Whose Lives?

One of my Livermore friends (naming no names) posted a truly offensive image on Facebook saying “Police Lives Matter.” I pointed out to her that this slogan is bullshit. I didn’t use the term “racist bullshit” in my reply to her, but I should have.

She snipped off a comeback about how there are some “core problems” in the Black Lives Matter movement. I’m not sure what she was referring to; she didn’t say. I did go down the rabbit hole far enough to check out a Stanford Daily opinion piece attacking BLM which complained that BLM justifies rioting and violence. A link in that piece led to a BLM-positive page in which it was pointed out that defending big-box stores against looting is, in essence, defending corporate capitalism.

I certainly don’t support looting and arson, but I have no sympathy at all for corporate capitalism. It seems to me the thing that anti-BLM commentators are keen to overlook is people’s anger at how their friends and neighbors are routinely killed by the police, and without consequences. That’s why they’re rioting, folks.

I pointed out to my friend that the reason for the Black Lives Matter slogan is that historically, black lives have not mattered in North America, not for 400 years. Lynchings, segregation, discrimination in hiring, laws against mixed-race marriages, a blatantly discriminatory “justice” system that continues to punish black people much more harshly than white people who are convicted of similar crimes — the list is long. I mentioned the white riot in Tulsa in 1921, in which white people burnt down the entire black business district of the city.

Has any of these outrages ever been perpetrated on police officers? Has there ever been a single case in this country of a police officer being lynched by a mob who then ate a nice picnic lunch and took snapshots around the tree where the corpse was swinging? I doubt it. Has there ever been a law against a non-police officer marrying a police officer? That would be inconceivable. Are police officers ever sentenced to longer prison terms than non-police officers convicted of the same crime? More often, the murderers among the police can’t even be convicted in court.

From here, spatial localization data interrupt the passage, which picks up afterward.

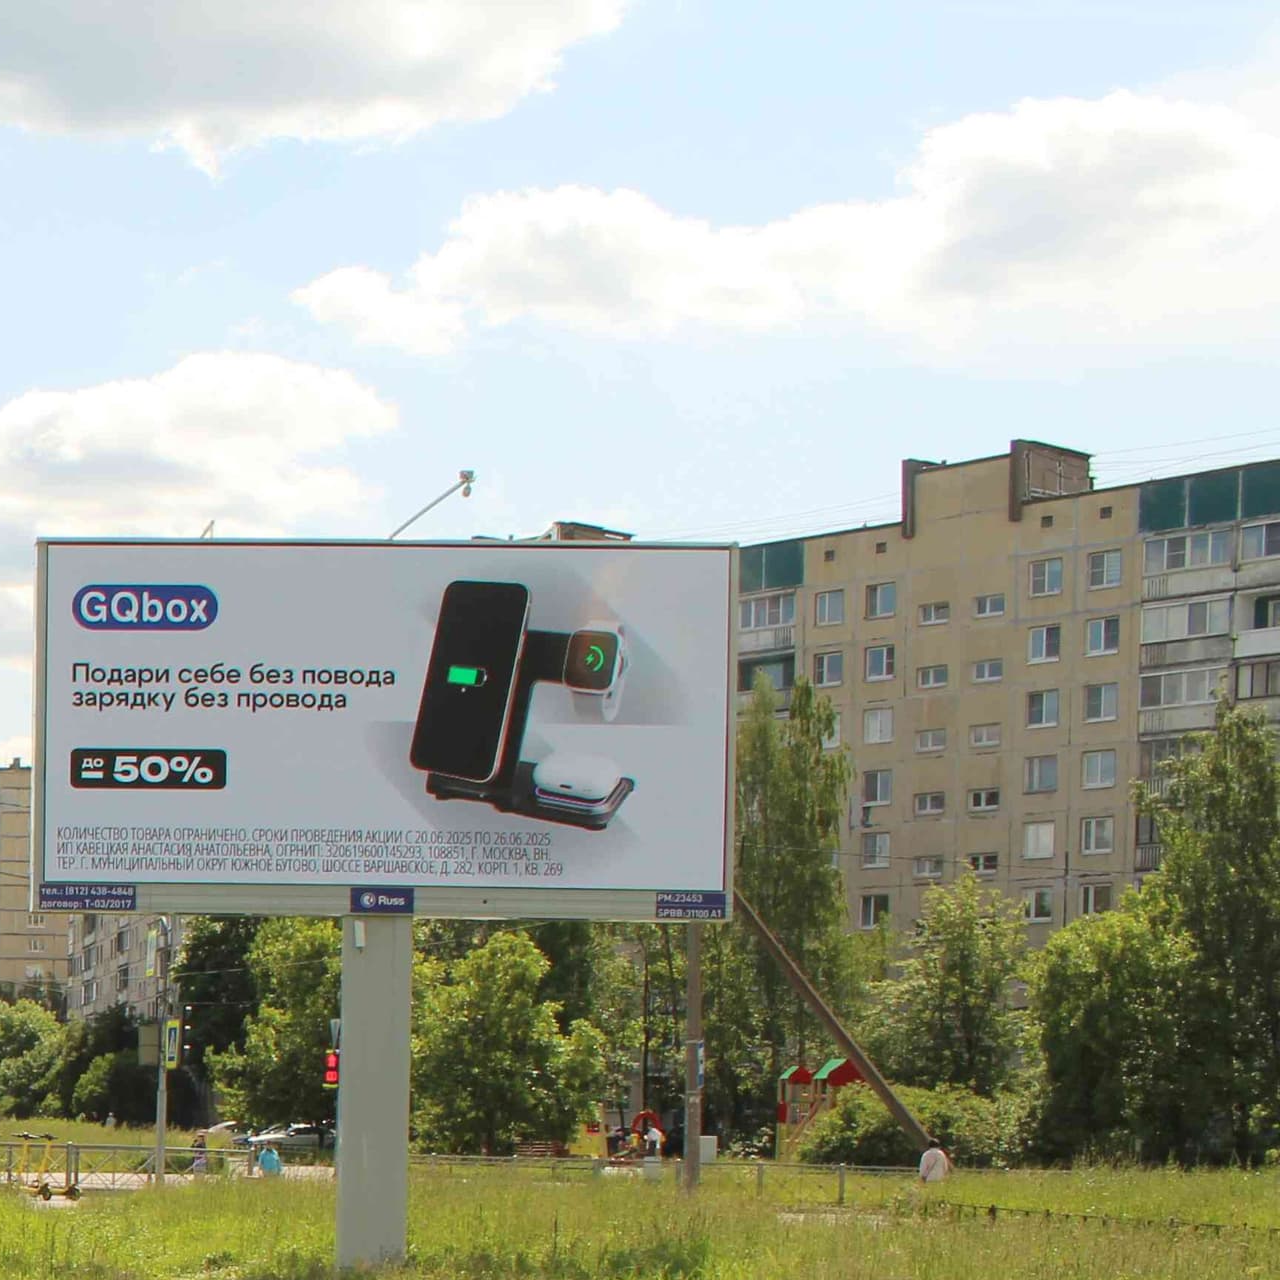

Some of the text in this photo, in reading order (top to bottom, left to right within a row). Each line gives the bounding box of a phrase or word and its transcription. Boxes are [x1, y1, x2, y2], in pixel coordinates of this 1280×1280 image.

[80, 591, 208, 623] GQbox
[72, 663, 396, 687] Подари себе без повода
[72, 687, 347, 713] зарядку без провода
[57, 826, 128, 840] КОЛИЧЕСТВО
[131, 827, 171, 841] ТОВАРА
[252, 828, 288, 841] СРОКИ
[291, 829, 362, 843] ПРОВЕДЕНИЯ
[365, 830, 402, 844] АКЦИИ
[405, 830, 413, 844] С
[415, 831, 473, 845] 20.06.2025
[475, 832, 491, 845] ПО
[57, 842, 73, 855] ИП
[76, 842, 129, 857] КАВЕЦКАЯ
[131, 843, 192, 856] АНАСТАСИЯ
[92, 856, 193, 872] МУНИЦИПАЛЬНЫЙ
[197, 858, 229, 871] ОКРУГ
[231, 858, 272, 872] ЮЖНОЕ
[322, 860, 360, 873] ШОССЕ
[544, 863, 563, 876] 269
[378, 896, 405, 905] Russ
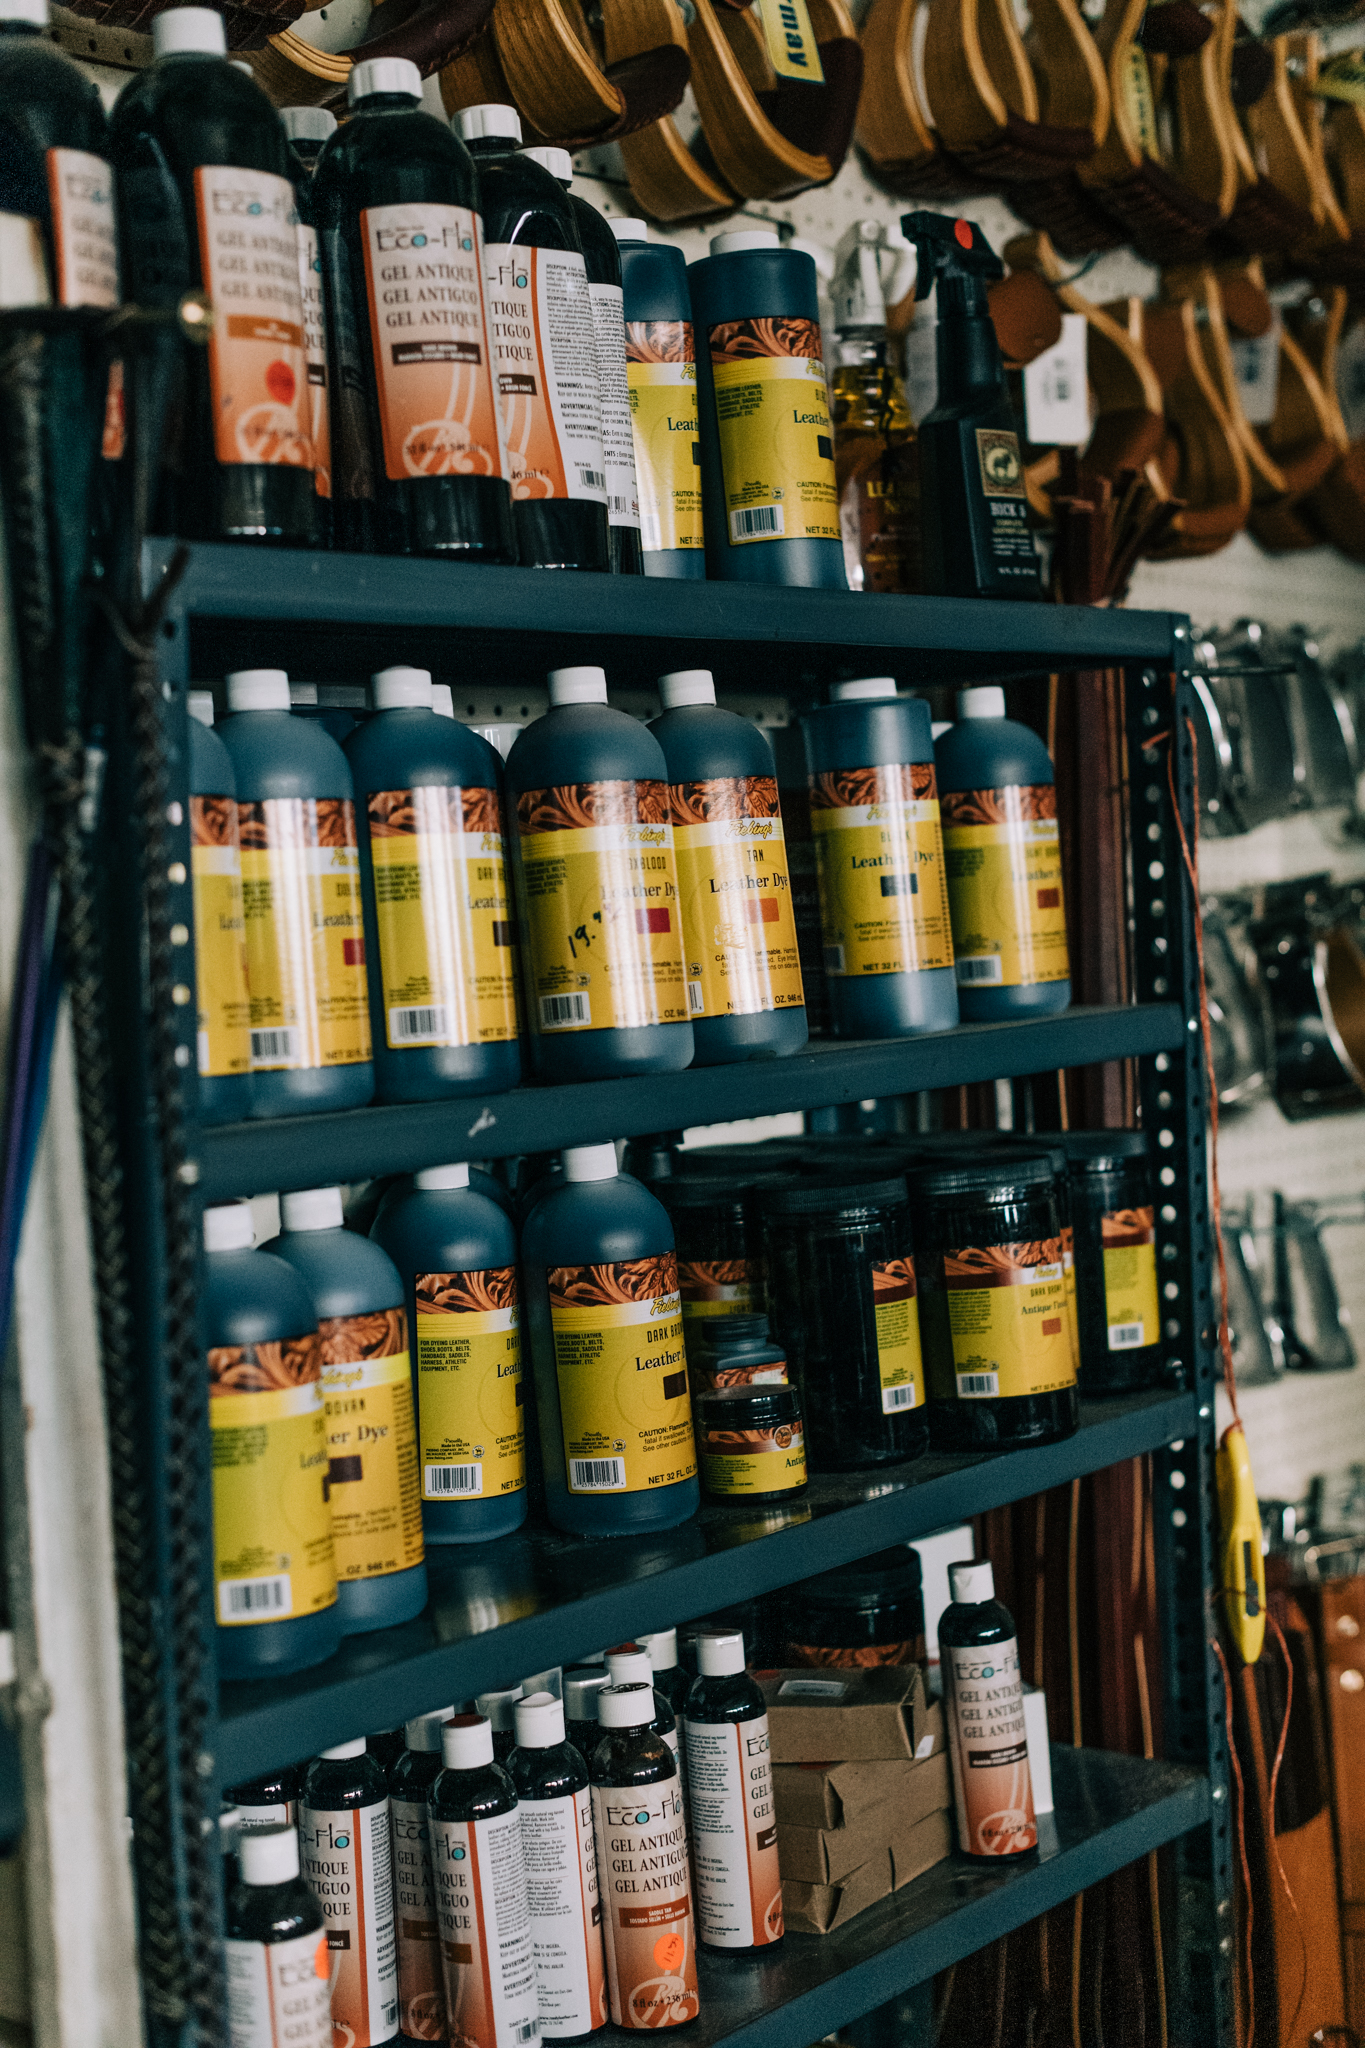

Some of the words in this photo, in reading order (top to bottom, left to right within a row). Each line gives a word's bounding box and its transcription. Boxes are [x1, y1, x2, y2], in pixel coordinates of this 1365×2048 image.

[778, 0, 808, 67] may
[381, 265, 412, 282] GEL
[415, 263, 475, 283] ANTIQUE
[383, 288, 412, 305] GEL
[417, 286, 478, 306] ANTIGUO
[385, 311, 414, 328] GEL
[420, 309, 480, 330] ANTIQUE
[805, 526, 820, 534] NET
[680, 536, 693, 545] NET
[747, 849, 765, 863] TAN
[914, 850, 935, 865] Dye
[709, 873, 770, 894] Leather
[772, 872, 788, 891] Dye
[862, 962, 880, 971] NET
[881, 961, 892, 970] 32
[774, 994, 787, 1004] OZ.
[1021, 1303, 1053, 1316] Antique
[647, 1328, 669, 1344] DARK
[635, 1350, 681, 1373] Leather
[358, 1424, 389, 1444] Dye
[638, 1426, 669, 1439] CAUTION:
[643, 1445, 655, 1453] See
[656, 1442, 670, 1450] other
[644, 1437, 657, 1445] fatal
[648, 1475, 665, 1485] NET
[667, 1472, 675, 1481] 32
[676, 1469, 686, 1479] FL.
[501, 1480, 513, 1491] NET
[959, 1690, 983, 1703] GEL
[961, 1708, 984, 1721] GEL
[963, 1726, 986, 1740] GEL
[750, 1764, 767, 1781] GEL
[751, 1784, 769, 1800] GEL
[753, 1802, 771, 1819] GEL
[611, 1838, 636, 1853] GEL
[398, 1850, 418, 1867] GEL
[613, 1858, 637, 1874] GEL
[399, 1870, 418, 1887] GEL
[615, 1879, 640, 1894] GEL
[401, 1890, 421, 1907] GEL
[664, 1907, 672, 1915] TAN
[632, 1999, 639, 2009] 8
[639, 1998, 647, 2009] fl
[648, 1999, 659, 2008] oz

I’m sure most police officers are good people. They work hard, and I appreciate what they do. I would not want to live in a town where there are no police protecting us from criminals. And yes, their job is sometimes very dangerous! They occasionally have to make split-second life-or-death decisions, and anybody can make a wrong decision at such a moment! I would never blame a police officer for that, not if it truly is a life-or-death decision. But sometimes it isn’t. Kneeling on a man’s neck for nine minutes is not a split-second life-or-death decision.

So the real-world picture is somewhat nuanced. It’s not a good/bad, either/or question.

However, the slogan “Police Lives Matter” is not actually about supporting the lives of decent officers like the man who was run down in D.C. this week. It’s a thinly disguised bit of racism. It’s not just pro-police. It’s a statement in support of the police against black people. It’s a statement in support of the man who, while wearing a badge and under cover of authority, murdered George Floyd.

I will stand up in support of any police officer who is willing to publicly testify against brutal racist cops. I’m pretty sure there aren’t a lot of them, but I hope there are some. I don’t know any police personally, but my impression from what I’ve read is that in most cases their sense of loyalty to their fellow officers urges, or even forces, them to remain silent rather than call out the racists and abusers in their ranks.

I don’t support any organization in which ordinary people have to remain silent, or worse, have to lie, in order to keep their jobs and be safe from retaliation. I wouldn’t support it in the stock room of a big-box store, I wouldn’t support it in a black church in Alabama, and I don’t support it in a police department.